Modelo

Existe esta ideia, completamente disseminada em termos culturais, que temos que pertencer aos modelos: alguém cria um modelo algures, que pelo contexto enformou toda a subtileza da sua criação, com determinadas regras e limitações. E, de repente, encontramos este modelo abstracto – retirado do seu contexto e colocado na caixa do universal – que nos faz algum sentido e então tentamos adaptar toda a nossa vida em função desse modelo, muitas vezes exilando ou mutilando o que não nele caiba.

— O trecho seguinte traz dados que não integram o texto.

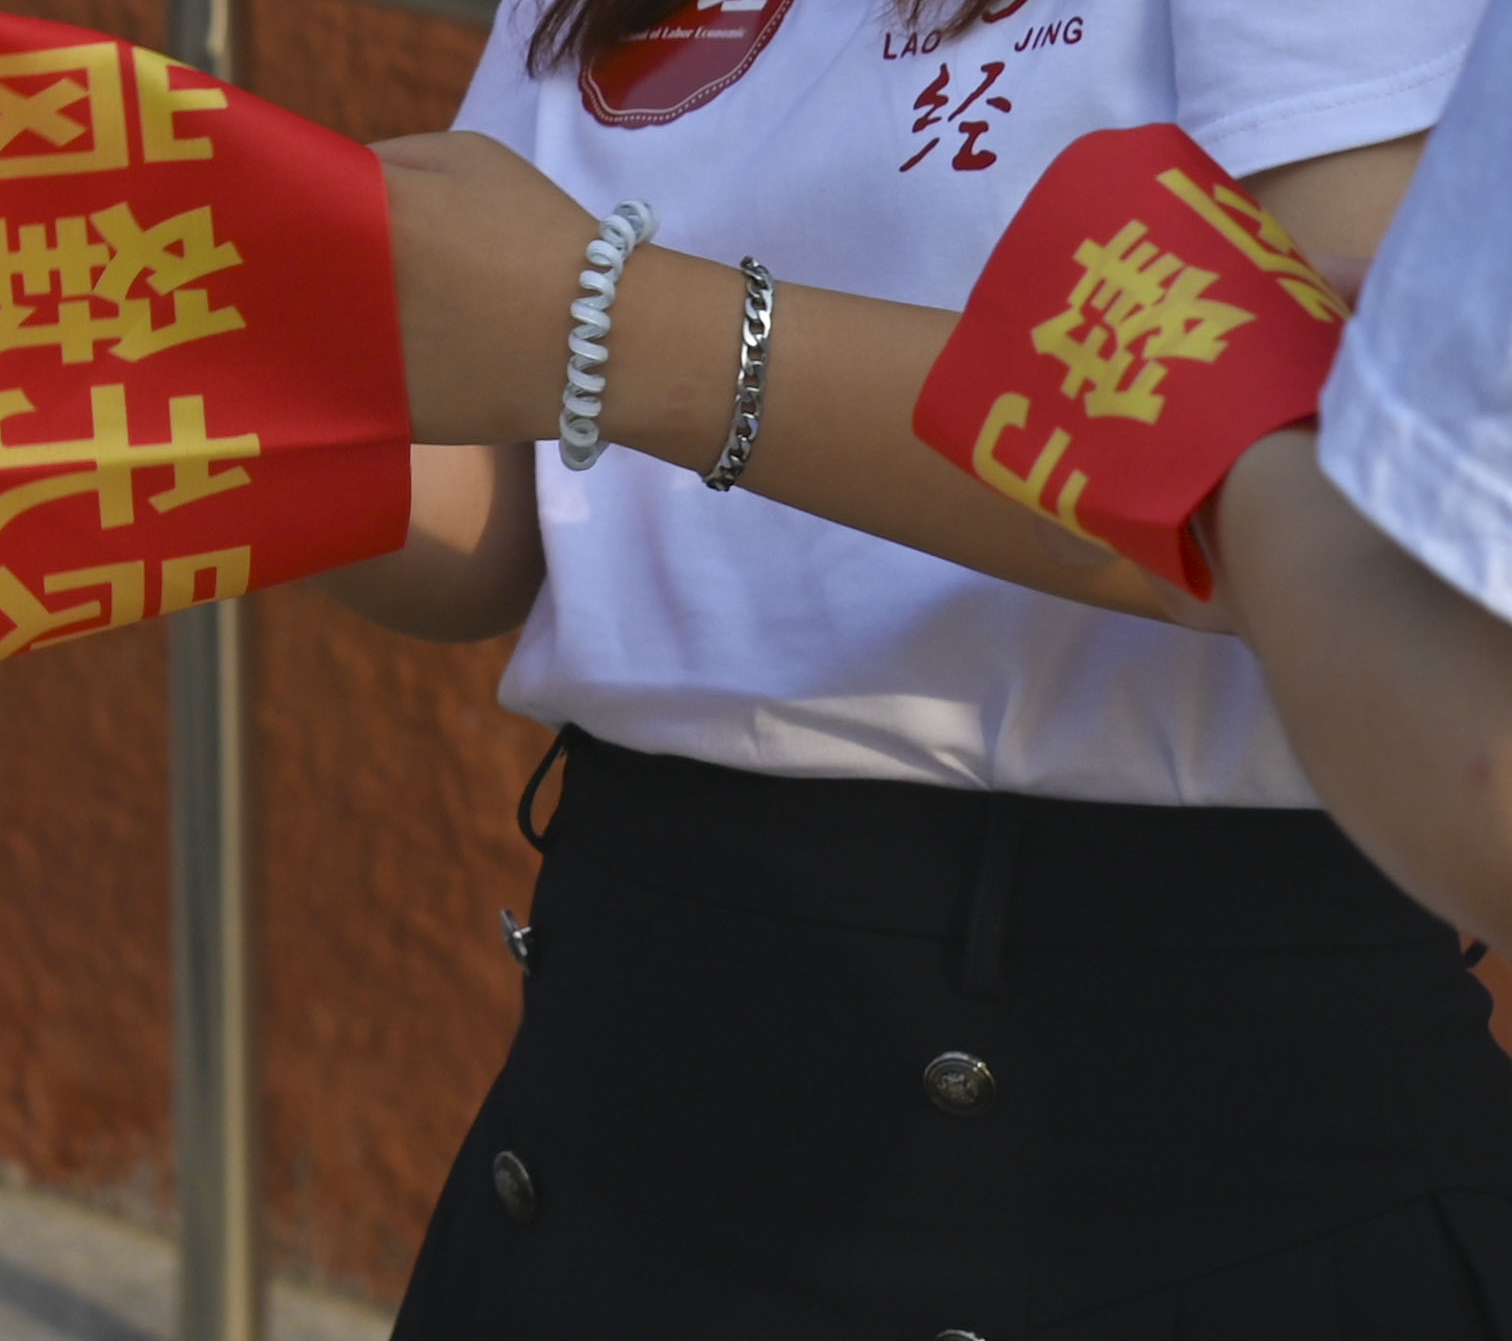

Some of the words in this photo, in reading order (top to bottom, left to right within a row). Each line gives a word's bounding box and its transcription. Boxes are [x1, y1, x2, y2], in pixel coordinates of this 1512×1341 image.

[882, 30, 941, 60] LAO
[1014, 16, 1084, 53] JING
[898, 61, 1012, 173] 经

Contudo, um modelo descontextualizado não é vivo e raramente é dinâmico, por isso, nunca vos peço para mutilarem a vossa vida ou exilarem partes da vossa experiência para pertencerem a algum “modelo”.

❤️ Aqui o resgate é re-descoberta da vossa própria linguagem de pertença e vínculo.

No fundo, o valor sagrado da própria vida em diálogo e relação, sendo muito mais importante do que qualquer modelo universalista.

Para tal precisamos de manter o espaço cheio de potencialidades e selvagem, mantendo a identidade em aberto, confiando no corpo, no pulsar do coração, na profundidade do olhar e na integridade da presença, em todas as nuances, subtilezas e ambiguidades que somos.